Facultad de Matemática, Astronomía, Física y Computación (FaMAF), Universidad Nacional de Córdoba, Córdoba, Argentina.
Commun Biol. 2025 Aug 12;8(1):1204. doi: 10.1038/s42003-025-08666-9.
Diagnosing Disorders of Consciousness (DoC) remains a critical challenge in cognitive neuroscience. In this study we introduce Electroencephalography (EEG)-based brain states as a real-time, bedside tool for assessing dynamic brain connectivity in DoC patients. We analyze EEG data from 237 acute and chronic DoC patients across three centers, identifying five recurrent functional connectivity patterns. The probability of these patterns correlated strongly with consciousness levels, with high-entropy patterns exclusive to healthy controls and low-entropy patterns prevalent in severe DoC, predicting individual recovery outcomes. Real-time testing validated reliable bedside detection of these patterns. Our findings demonstrate EEG's potential for monitoring dynamic brain connectivity, offering insights into the neural basis of consciousness and advancing diagnostic strategies for DoC.

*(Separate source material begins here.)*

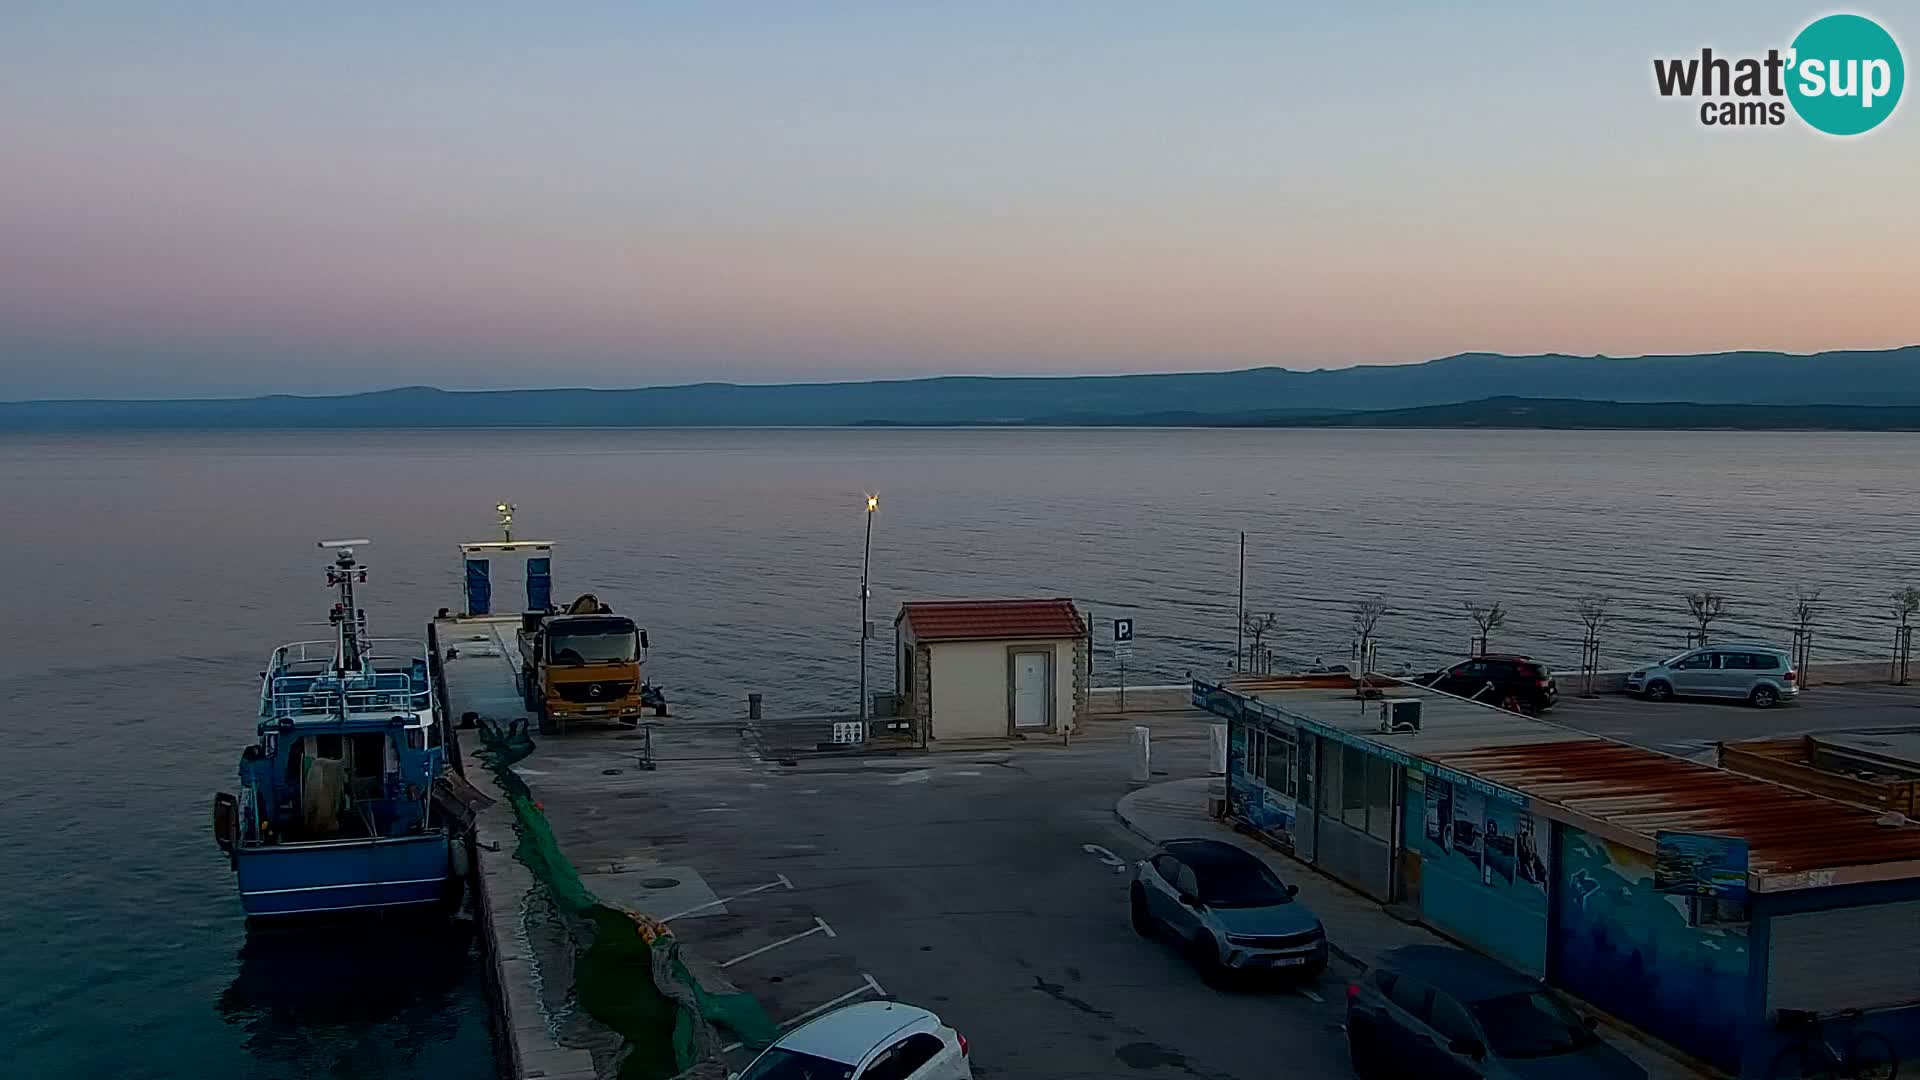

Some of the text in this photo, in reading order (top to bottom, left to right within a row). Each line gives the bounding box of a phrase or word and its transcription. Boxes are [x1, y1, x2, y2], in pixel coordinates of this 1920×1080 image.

[1118, 621, 1129, 638] P
[1470, 778, 1495, 796] TICKET
[1497, 790, 1525, 806] OFFICE

诊断意识障碍(DoC)仍然是认知神经科学中的一项关键挑战。在本研究中,我们引入基于脑电图(EEG)的脑状态作为一种实时床边工具,用于评估DoC患者的动态脑连接性。我们分析了来自三个中心的237例急性和慢性DoC患者的EEG数据,识别出五种反复出现的功能连接模式。这些模式的概率与意识水平密切相关,高熵模式仅见于健康对照,而低熵模式在严重DoC中普遍存在,可预测个体恢复结果。实时测试验证了这些模式在床边的可靠检测。我们的研究结果证明了EEG在监测动态脑连接性方面的潜力,为意识的神经基础提供了见解,并推进了DoC的诊断策略。